Only 13.6% of all parents assumed that their child’s symptoms could be of functional nature, while most of the parents were relieved, surprised/astonished and some were even disappointed after hearing that ‘nothing was found on biopsies’. All those emotional reactions show that a somatic disease was clearly expected by them, although families were informed about possible differential diagnosis (including FD) before the endoscopy. This is in line with the literature30, where it was shown that pediatric patients suffering from FD and their parents are more inclined to see a monocausal and most frequently a physical explanation, than to seek a multicausal biopsychosocial explanation.


With the renewal of the Rome criteria and the introduction of the two subgroups in 2016, the prevalence of functional dyspepsia suddenly exceeds the prevalence of IBS9. It was previously the most prevalent functional abdominal pain disorder in children31, therefore most literature was focused on this diagnosis and treatment and little attention was being paid to functional dyspepsia, which was assumed to be uncommon. With the new definition, patients, who might have classified as IBS previously, can now fulfill the criteria for FD, subgroup postprandial distress syndrome. Although this is currently the largest group of pediatric patients with functional gastrointestinal pain, currently no guidelines are available for its treatment.

Looking at our cohort of 154 patients, families tend to choose their own treatment, which in fact, were all successful, some quicker than others. Whilst analyzing available explanatory models for pathophysiological processes and their recommended treatment, it was striking that in our cohort of patients it did not add up.

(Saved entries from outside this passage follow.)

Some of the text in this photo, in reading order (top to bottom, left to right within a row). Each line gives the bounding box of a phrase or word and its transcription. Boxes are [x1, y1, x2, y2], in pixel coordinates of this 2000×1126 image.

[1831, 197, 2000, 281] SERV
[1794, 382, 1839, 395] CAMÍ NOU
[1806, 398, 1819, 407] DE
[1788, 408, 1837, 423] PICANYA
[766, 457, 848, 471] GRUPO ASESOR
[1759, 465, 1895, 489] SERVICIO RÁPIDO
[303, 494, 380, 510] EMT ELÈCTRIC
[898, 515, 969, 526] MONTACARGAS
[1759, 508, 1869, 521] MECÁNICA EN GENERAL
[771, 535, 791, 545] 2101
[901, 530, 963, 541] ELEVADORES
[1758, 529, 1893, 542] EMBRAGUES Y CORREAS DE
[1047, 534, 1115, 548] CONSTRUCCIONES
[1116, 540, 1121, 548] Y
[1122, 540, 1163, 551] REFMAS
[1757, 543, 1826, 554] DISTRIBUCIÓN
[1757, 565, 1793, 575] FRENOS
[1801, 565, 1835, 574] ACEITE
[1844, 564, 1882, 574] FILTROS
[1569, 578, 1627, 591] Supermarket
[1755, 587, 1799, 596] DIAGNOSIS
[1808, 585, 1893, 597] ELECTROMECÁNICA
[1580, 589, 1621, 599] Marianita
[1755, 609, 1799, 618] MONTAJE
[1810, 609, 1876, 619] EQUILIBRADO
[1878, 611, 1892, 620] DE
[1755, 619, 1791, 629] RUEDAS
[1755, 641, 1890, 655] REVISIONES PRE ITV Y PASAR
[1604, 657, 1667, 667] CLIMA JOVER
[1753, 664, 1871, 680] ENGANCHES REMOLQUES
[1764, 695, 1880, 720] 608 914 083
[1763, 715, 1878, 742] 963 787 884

Lifestyle changes and PPI should—from a pathophysiological point of view—improve epigastric pain syndrome, whereas STW5 and dietary changes should relieve postprandial distress syndrome. In our patients this could not be verified: Patients from both subgroups did benefit from any treatment they chose. As current explanatory models of the treatment cannot be transferred into our cohort of patients, a strong suspicion emerges, that the treatment chosen is not accountable for the relief of the symptoms. Ultimately this leads to the recommendations as given decades ago, to educate families on the diagnosis, provide reassurance and advocate a healthy lifestyle. Some patients might benefit from medications, small changes in the diet, psychological support or alternative treatment, but success depends on individual, unpredictable factors. Additional treatments can give the child the chance to save his face when returning home or back to school.